At some time or another every project manager will have had to take a stand over the ownership of a project, the scope creep issues that might occur or indeed any of the other difficulties that can arise during the natural lifecycle of a project. They may need to challenge those individuals who are in power in order to take the most appropriate actions to bring the project to a successful conclusion. Difficult conversations are part of the life of a project manager whether they are conversations that must be had with project stakeholders or members of the project team, and this is certainly one place where project manager courses can help you.

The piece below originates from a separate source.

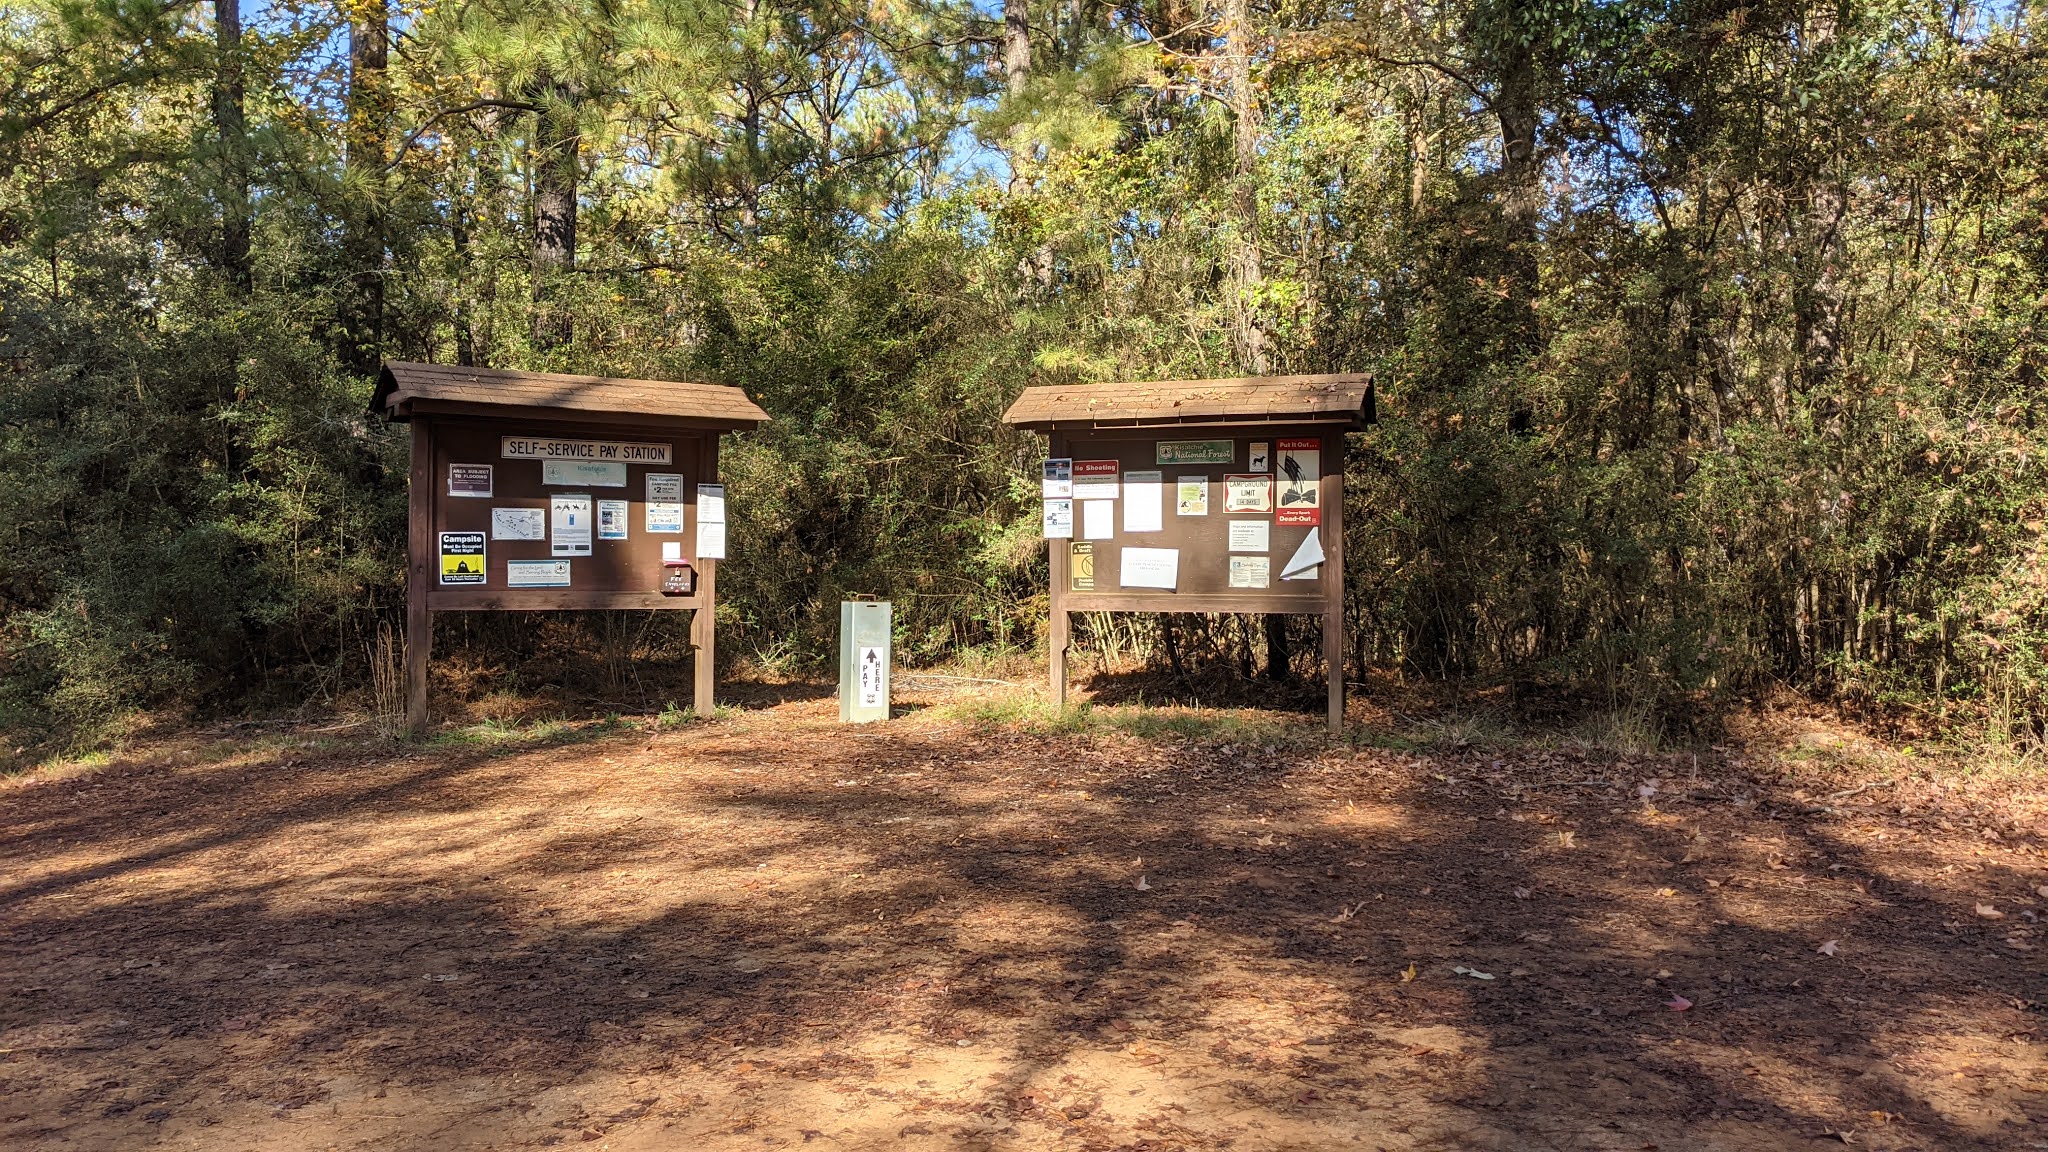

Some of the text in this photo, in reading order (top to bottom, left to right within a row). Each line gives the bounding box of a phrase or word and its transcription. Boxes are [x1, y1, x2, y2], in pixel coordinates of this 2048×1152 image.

[509, 441, 665, 460] SELF-SERVICE PAY STATION
[1175, 448, 1231, 459] National Forest
[443, 535, 482, 543] Campsite

It is the responsibility of the project manager to know when they need to exert their authority over a situation. They should also know how they should do this including taking into consideration any of the risk and following frustration that may occur as a result of having a difficult conversation. This is not a case of the project manager themselves being “difficult” but rather the subject of the conversation or the manner that the conversation has come about being something difficult. When these conversations are avoided, it gives the impression that everything is going well with the project, even though it isn’t, and this can cause problems later on in the project plan – things that might have an impact on the project budget, timescales, or both.

Plan your conversation

Whilst you cannot plan every aspect of a difficult conversation, it can be a good idea to write some notes that will help you to guide the conversation.

Consider what it is about the conversation that makes it difficult or even sensitive. Make sure that you have all of the important details to hand so that you do not forget anything or remember it incorrectly. Consider what you want to happen as a result of the conversation, what is the outcome that you need or would accept from this situation. Having an end goal for your conversation will help you to steer your way as you go along.

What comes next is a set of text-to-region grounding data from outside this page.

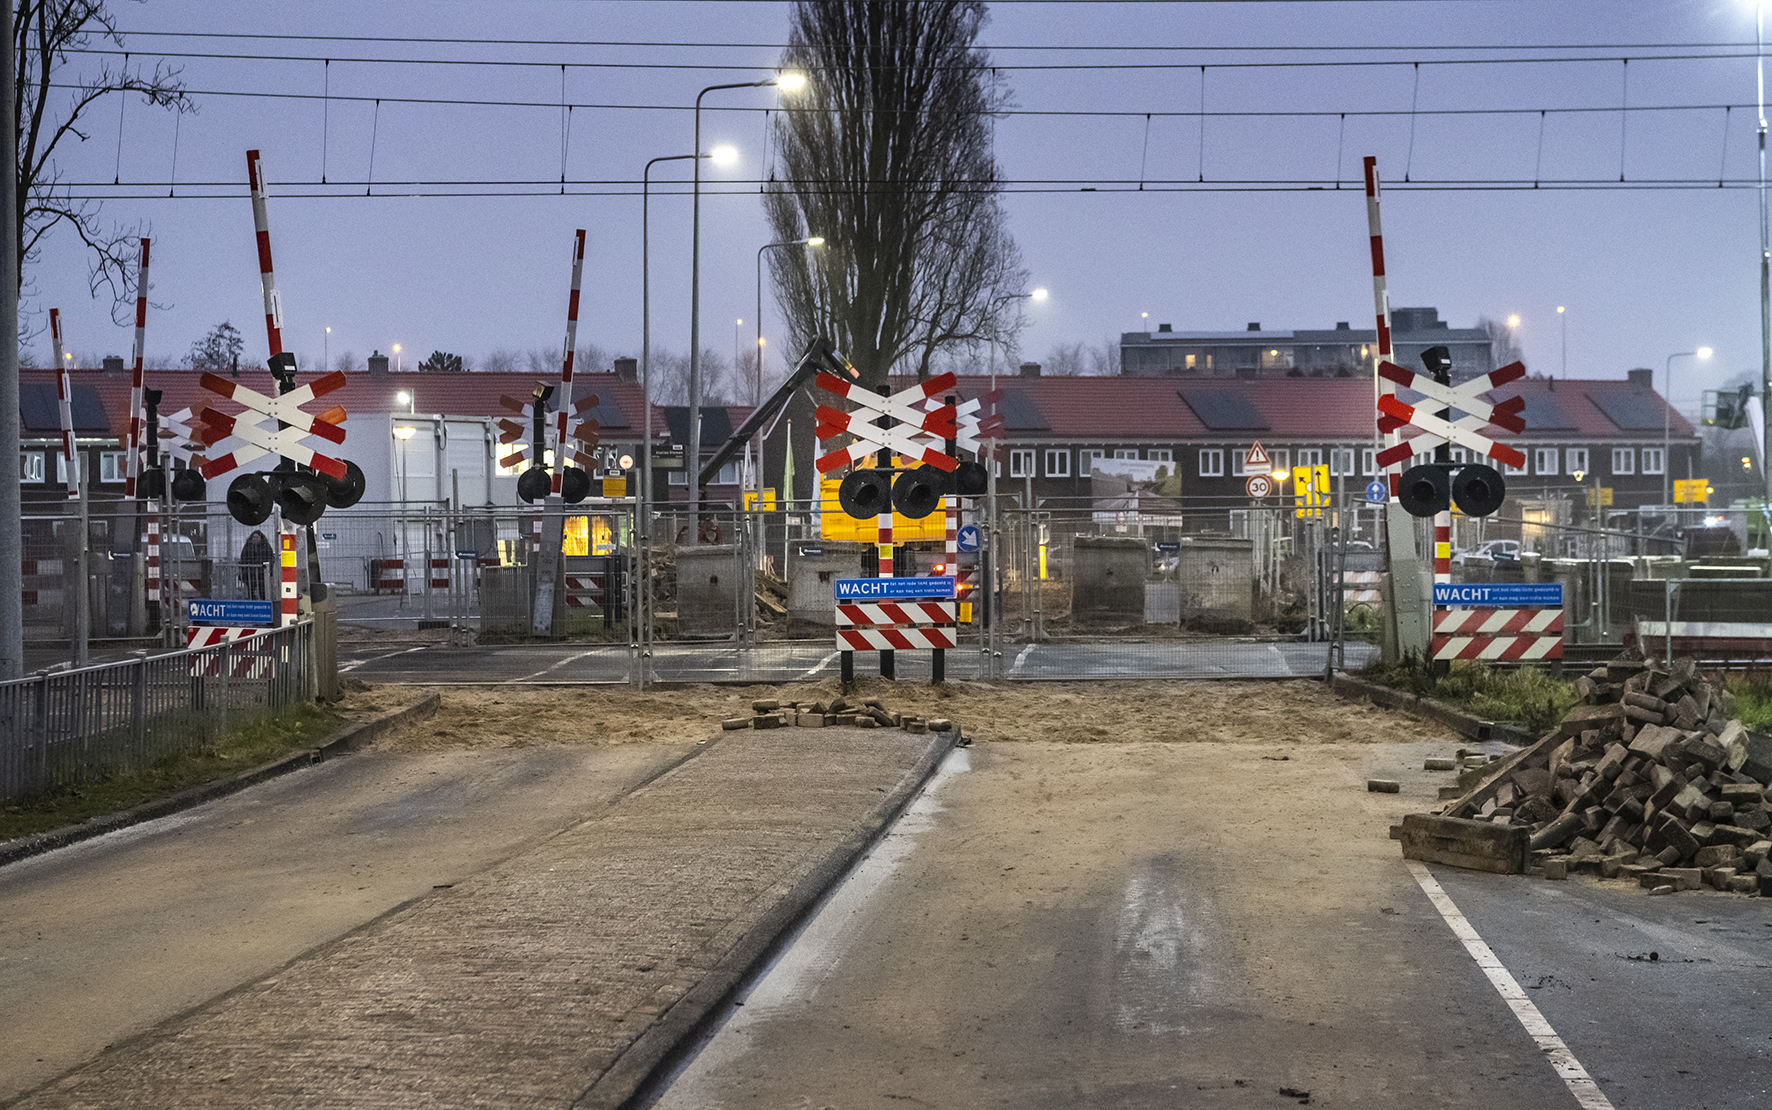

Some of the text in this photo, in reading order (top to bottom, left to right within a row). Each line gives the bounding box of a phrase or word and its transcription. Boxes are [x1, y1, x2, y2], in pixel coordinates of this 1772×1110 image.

[1252, 483, 1266, 492] 30
[839, 583, 889, 594] WACHT
[1436, 588, 1491, 600] WACHT
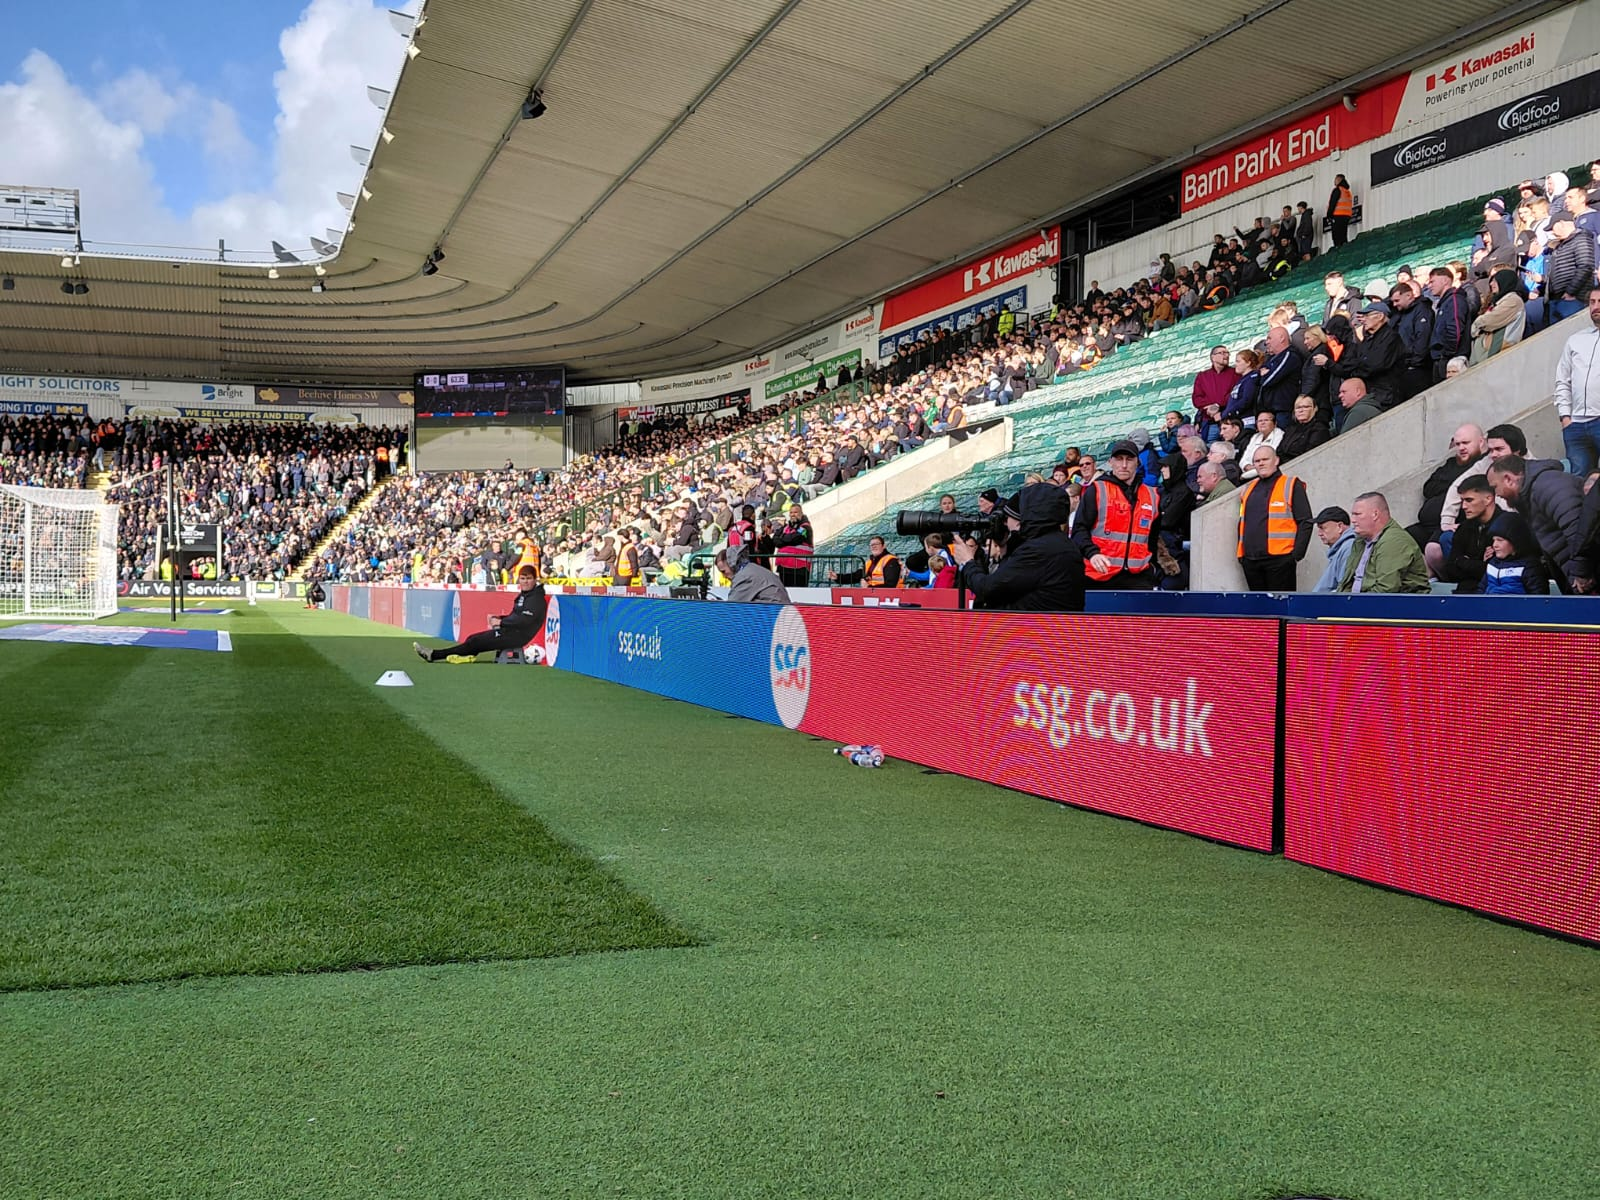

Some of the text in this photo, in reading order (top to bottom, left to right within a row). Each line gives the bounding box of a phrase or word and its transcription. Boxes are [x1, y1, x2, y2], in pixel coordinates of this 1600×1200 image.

[1462, 32, 1535, 77] Kawasaki
[1425, 55, 1535, 107] Powering your potential
[1511, 97, 1560, 127] Bidfood
[1185, 115, 1330, 203] Barn Park End
[1405, 138, 1447, 164] Bidfood
[994, 232, 1058, 280] Kawasaki
[39, 378, 120, 391] SOLICITORS
[218, 389, 243, 399] Bright
[299, 388, 378, 400] Beehive Homes SW
[23, 404, 33, 413] IT
[185, 409, 199, 417] WE
[222, 411, 261, 419] CARPETS
[671, 403, 684, 414] BIT
[685, 402, 695, 412] OF
[697, 398, 720, 412] MESSY
[130, 583, 150, 594] Air
[187, 583, 241, 595] Services
[618, 626, 662, 661] ssg.co.uk
[1014, 677, 1214, 757] ssg.co.uk

If the conversation relates to an issue surrounding performance, then obviously you want the person in question to remedy the problem. However, it is important that they do not feel criticised or upset that the problem has not already been resolved or that it has occurred in the first place. Be wary of apportioning blame for the issue. After all,  this will not help the situation and has the potential to make the person who you are talking to incredibly defensive, which will not be productive.

Rein in your emotions

You should consider your own feelings, negative feelings or high emotions will not help the situation either and have the potential to make it difficult for you to remain objective. Training for PMs will have taught you that communication is the single most important tool you have as a project manager so use your communication skills wisely and don’t forget to listen to what the other person has to say.